### About this exercise
After finding the line that contains "this 1080×2344 image." in the material below, print that line and all subsequent lines exactly, up to and including the last.

### Data for this task
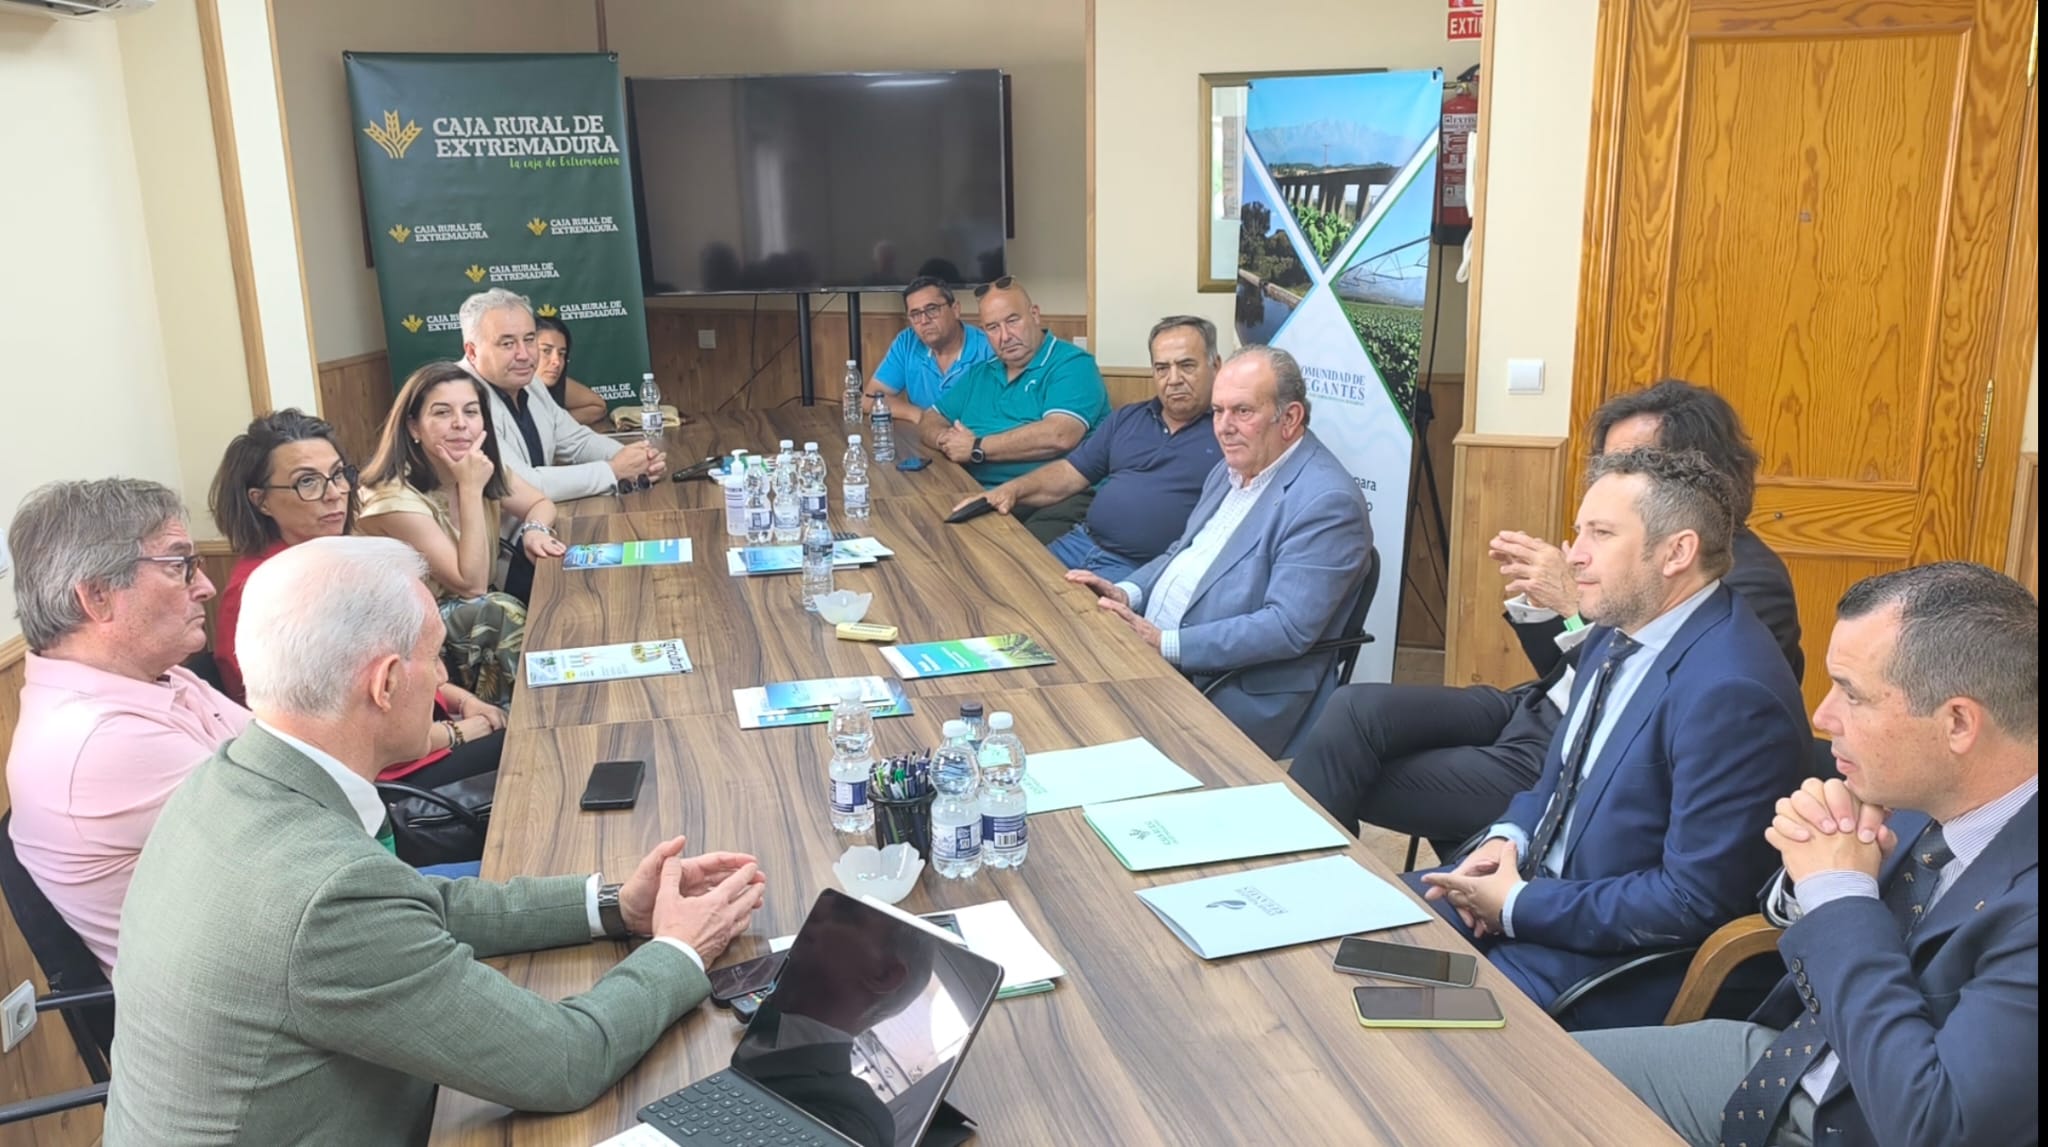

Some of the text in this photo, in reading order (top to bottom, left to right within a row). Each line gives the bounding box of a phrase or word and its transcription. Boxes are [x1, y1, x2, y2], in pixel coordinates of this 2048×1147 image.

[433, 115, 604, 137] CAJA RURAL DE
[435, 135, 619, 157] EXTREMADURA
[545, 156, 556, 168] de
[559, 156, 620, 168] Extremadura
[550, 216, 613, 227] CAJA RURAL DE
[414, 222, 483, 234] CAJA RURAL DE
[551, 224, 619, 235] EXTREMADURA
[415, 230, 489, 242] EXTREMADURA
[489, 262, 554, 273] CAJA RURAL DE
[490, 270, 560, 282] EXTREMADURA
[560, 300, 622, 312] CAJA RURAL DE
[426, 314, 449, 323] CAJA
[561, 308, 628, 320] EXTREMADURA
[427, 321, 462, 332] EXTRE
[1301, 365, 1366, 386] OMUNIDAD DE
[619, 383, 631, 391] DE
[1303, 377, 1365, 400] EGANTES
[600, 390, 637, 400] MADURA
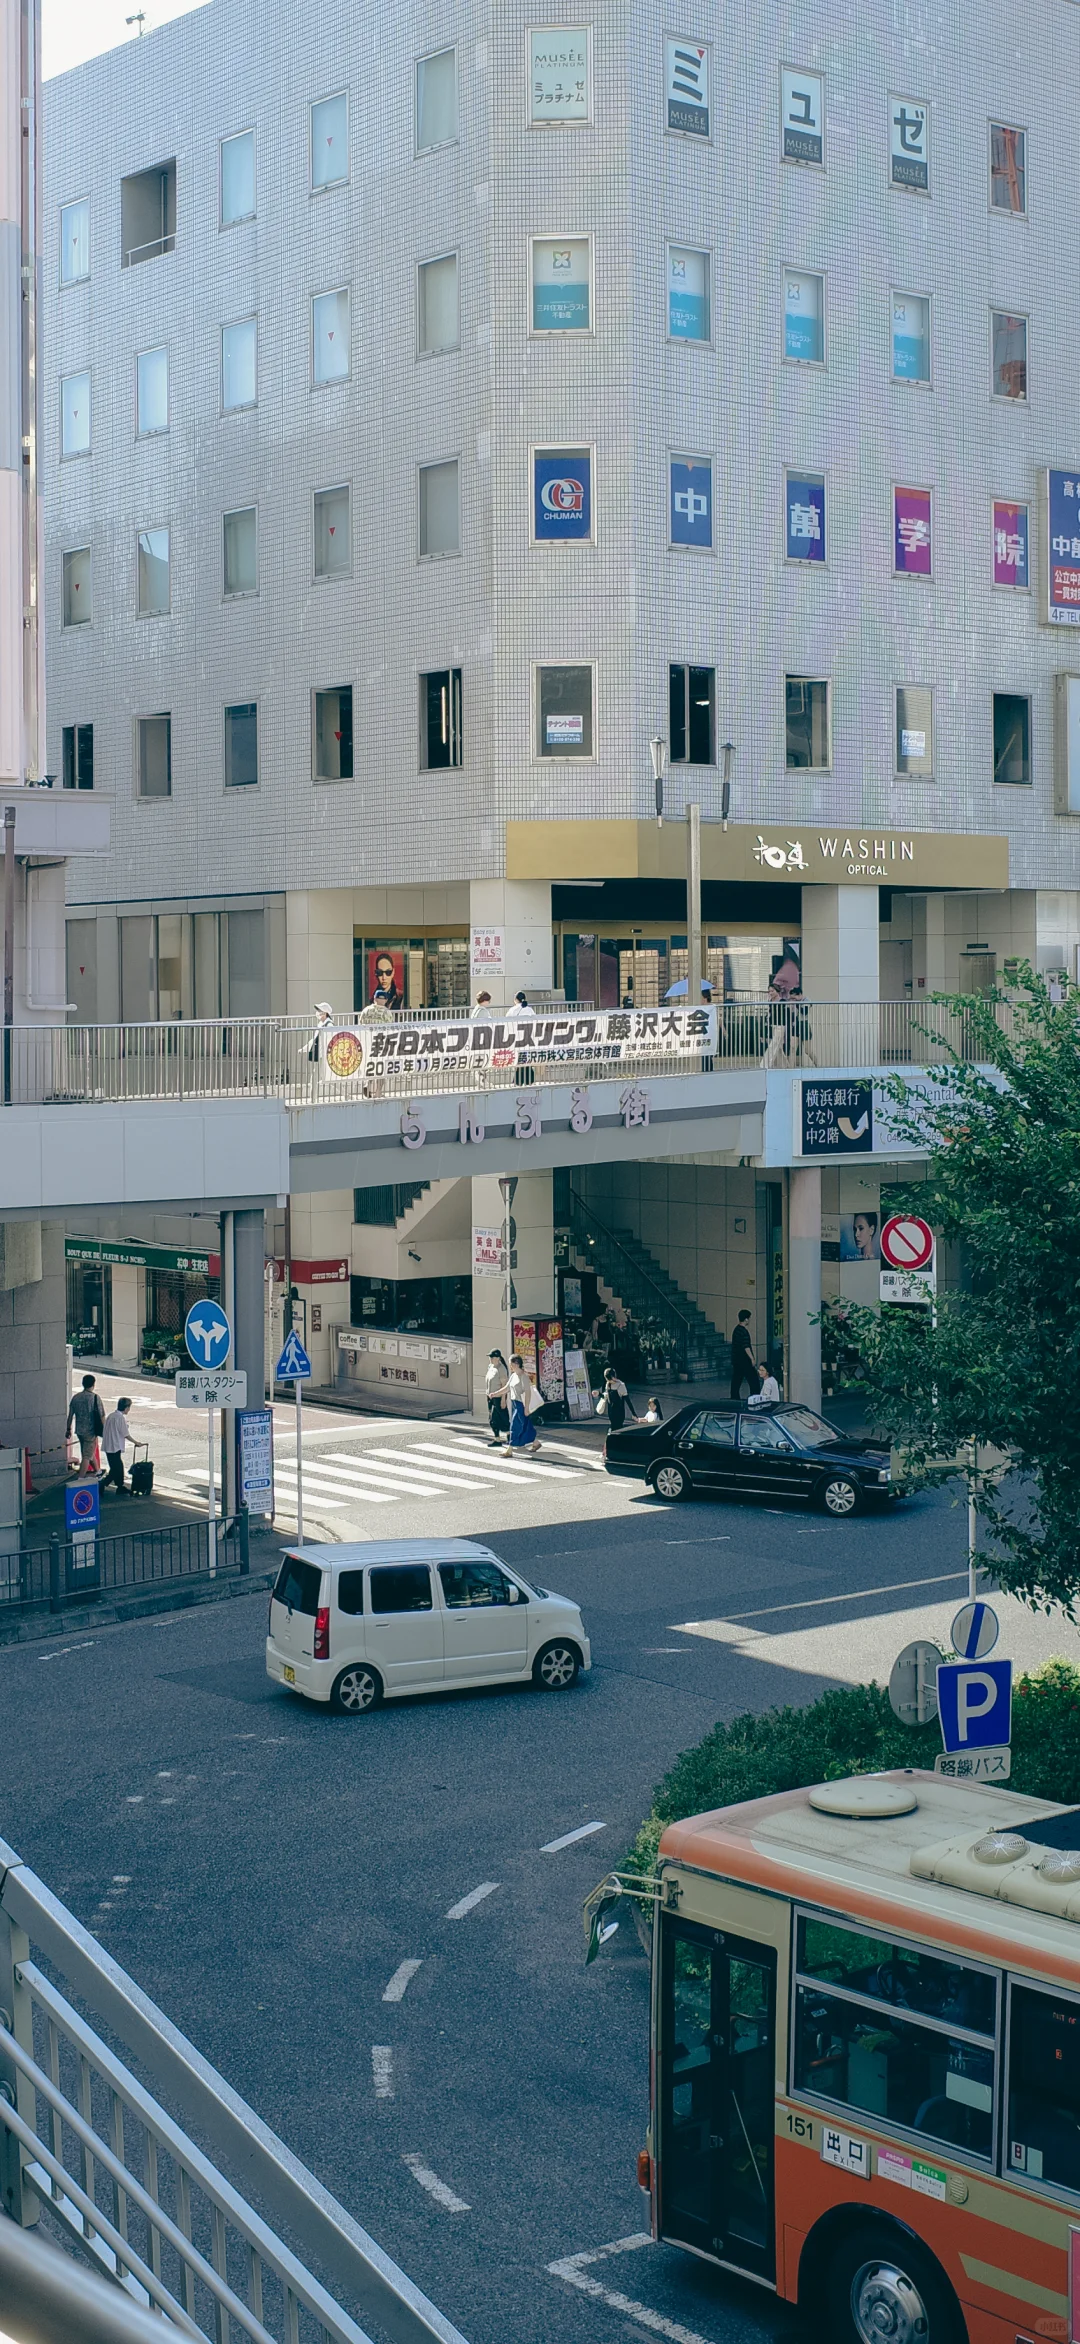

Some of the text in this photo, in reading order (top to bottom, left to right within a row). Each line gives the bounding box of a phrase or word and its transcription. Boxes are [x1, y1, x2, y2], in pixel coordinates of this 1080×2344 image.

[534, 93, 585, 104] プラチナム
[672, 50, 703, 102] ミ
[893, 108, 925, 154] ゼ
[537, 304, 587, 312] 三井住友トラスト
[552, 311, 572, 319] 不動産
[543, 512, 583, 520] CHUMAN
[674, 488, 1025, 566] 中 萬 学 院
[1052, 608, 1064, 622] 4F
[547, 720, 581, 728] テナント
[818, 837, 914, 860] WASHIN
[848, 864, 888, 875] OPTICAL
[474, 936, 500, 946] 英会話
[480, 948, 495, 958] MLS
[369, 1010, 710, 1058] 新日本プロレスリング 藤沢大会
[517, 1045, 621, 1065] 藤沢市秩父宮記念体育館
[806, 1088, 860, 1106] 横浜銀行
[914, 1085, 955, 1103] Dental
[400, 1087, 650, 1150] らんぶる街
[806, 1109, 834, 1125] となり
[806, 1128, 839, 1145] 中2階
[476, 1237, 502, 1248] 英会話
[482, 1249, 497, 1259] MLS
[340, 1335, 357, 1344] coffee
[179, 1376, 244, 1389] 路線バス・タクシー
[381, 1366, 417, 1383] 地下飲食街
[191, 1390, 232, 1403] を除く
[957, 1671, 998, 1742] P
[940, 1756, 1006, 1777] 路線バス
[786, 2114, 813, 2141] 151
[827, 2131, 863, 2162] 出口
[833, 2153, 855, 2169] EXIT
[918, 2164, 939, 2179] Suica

### Solved problem
Some of the text in this photo, in reading order (top to bottom, left to right within a row). Each line gives the bounding box of a phrase or word and its transcription. Boxes are [x1, y1, x2, y2], in pixel coordinates of this 1080×2344 image.

[534, 93, 585, 104] プラチナム
[672, 50, 703, 102] ミ
[893, 108, 925, 154] ゼ
[537, 304, 587, 312] 三井住友トラスト
[552, 311, 572, 319] 不動産
[543, 512, 583, 520] CHUMAN
[674, 488, 1025, 566] 中 萬 学 院
[1052, 608, 1064, 622] 4F
[547, 720, 581, 728] テナント
[818, 837, 914, 860] WASHIN
[848, 864, 888, 875] OPTICAL
[474, 936, 500, 946] 英会話
[480, 948, 495, 958] MLS
[369, 1010, 710, 1058] 新日本プロレスリング 藤沢大会
[517, 1045, 621, 1065] 藤沢市秩父宮記念体育館
[806, 1088, 860, 1106] 横浜銀行
[914, 1085, 955, 1103] Dental
[400, 1087, 650, 1150] らんぶる街
[806, 1109, 834, 1125] となり
[806, 1128, 839, 1145] 中2階
[476, 1237, 502, 1248] 英会話
[482, 1249, 497, 1259] MLS
[340, 1335, 357, 1344] coffee
[179, 1376, 244, 1389] 路線バス・タクシー
[381, 1366, 417, 1383] 地下飲食街
[191, 1390, 232, 1403] を除く
[957, 1671, 998, 1742] P
[940, 1756, 1006, 1777] 路線バス
[786, 2114, 813, 2141] 151
[827, 2131, 863, 2162] 出口
[833, 2153, 855, 2169] EXIT
[918, 2164, 939, 2179] Suica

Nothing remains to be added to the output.